Mycena semivestipes

Scientific classification
- Domain: Eukaryota
- Kingdom: Fungi
- Division: Basidiomycota
- Class: Agaricomycetes
- Order: Agaricales
- Family: Mycenaceae
- Genus: Mycena
- Species: M. semivestipes
- Binomial name: Mycena semivestipes (Peck) A.H.Sm. (1947)
- Synonyms: Omphalia semivestipes Peck (1895); Omphalina curvipes Peck (1907); Prunulus curvipes Murrill (1916); Prunulus semivestipes (Peck) Murrill (1916); Mycena subalcalina Atkinson (1918);

= Mycena semivestipes =

- Genus: Mycena
- Species: semivestipes
- Authority: (Peck) A.H.Sm. (1947)
- Synonyms: Omphalia semivestipes Peck (1895), Omphalina curvipes Peck (1907), Prunulus curvipes Murrill (1916), Prunulus semivestipes (Peck) Murrill (1916), Mycena subalcalina Atkinson (1918)

Species of fungus

Mycena semivestipes is a species of agaric fungus in the family Mycenaceae. It is found in eastern North America.

==Taxonomy==

First described in 1895 as Omphalina semivestipes by Charles Horton Peck, the species was transferred to Mycena in 1947 by Alexander H. Smith. The type collection was made in Newfoundland, Canada.

==Description==

The cap is initially convex to somewhat conical before flattening out in age; it attains a diameter of 0.8–3.5 cm wide. The cap surface, smooth and slightly lubricous, is deep viscous to dark brown in the center. The margin is somewhat translucent, so that the grooves made by the gills are discernible. The thin flesh has a firm texture similar to cartilage, a distinct strong nitrous odor, and a mild to somewhat bitter taste. The gills have an adnate attachment, but often recede from the stipe as the mushroom matures. Their color is white to dirty pink. They can develop reddish-brown spots in age. Interspersed between the gills are two or three tiers of lamellae (short gills). The stipe measures 1.6–6 cm long by 1–3 mm thick, and is roughly the same thickness throughout its length. Its surface texture is smooth or lightly pruinose (as if dusted with a fine white powder), and it is dark brown at the base and whitish at the top. There can be fine hairs at the base, particularly in young specimens.

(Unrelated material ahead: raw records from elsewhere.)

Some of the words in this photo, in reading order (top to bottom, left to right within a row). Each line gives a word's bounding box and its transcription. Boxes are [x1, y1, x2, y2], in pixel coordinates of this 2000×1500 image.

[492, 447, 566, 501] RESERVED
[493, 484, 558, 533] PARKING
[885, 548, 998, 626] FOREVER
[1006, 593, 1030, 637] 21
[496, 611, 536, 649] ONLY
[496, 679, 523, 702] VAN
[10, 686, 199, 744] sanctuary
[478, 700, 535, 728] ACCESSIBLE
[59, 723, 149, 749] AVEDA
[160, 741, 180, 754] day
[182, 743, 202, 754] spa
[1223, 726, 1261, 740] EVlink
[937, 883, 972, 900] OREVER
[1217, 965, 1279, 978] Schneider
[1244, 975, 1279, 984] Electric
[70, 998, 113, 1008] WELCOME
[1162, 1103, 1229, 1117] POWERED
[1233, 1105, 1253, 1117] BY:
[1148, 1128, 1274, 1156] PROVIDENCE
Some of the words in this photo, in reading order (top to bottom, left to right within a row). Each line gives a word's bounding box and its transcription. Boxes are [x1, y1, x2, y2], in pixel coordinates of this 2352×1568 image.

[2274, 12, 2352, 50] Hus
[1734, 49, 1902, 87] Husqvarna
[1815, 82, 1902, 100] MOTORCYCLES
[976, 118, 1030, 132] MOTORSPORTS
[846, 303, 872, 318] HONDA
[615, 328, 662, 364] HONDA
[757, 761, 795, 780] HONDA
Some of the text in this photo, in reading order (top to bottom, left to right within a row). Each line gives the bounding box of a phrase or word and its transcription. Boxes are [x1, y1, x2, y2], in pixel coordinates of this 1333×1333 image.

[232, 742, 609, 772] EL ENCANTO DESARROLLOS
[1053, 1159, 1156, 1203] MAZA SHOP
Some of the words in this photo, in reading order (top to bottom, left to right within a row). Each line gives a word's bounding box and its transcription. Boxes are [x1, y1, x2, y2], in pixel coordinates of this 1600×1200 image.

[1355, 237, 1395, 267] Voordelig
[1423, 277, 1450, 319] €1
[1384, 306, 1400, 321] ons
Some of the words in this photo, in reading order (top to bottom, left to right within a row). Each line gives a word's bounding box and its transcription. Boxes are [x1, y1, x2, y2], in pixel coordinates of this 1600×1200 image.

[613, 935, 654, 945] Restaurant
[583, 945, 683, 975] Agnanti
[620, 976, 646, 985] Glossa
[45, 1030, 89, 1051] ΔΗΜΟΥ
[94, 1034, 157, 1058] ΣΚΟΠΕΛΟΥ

The spore print is white. Spores are thin walled, ellipsoid, hyaline (translucent), and measure 5–7 by 3–3.4 μm. They are amyloid. The basidia are four-spored, club shaped, and measure 21–30 by 4.5–5.4 μm. Cheilocystidia (cystidia on the gill edge) are club-shaped, hyaline to dark grey, and measure 24–34 by 5–11 μm.

==Habitat and distribution==

Mycena semivestipes is a saprobic species that obtains nutrients from the decomposing logs and stumps of hardwoods, in which it fruits in dense clusters. Fruiting occurs in later fall and winter in eastern North America.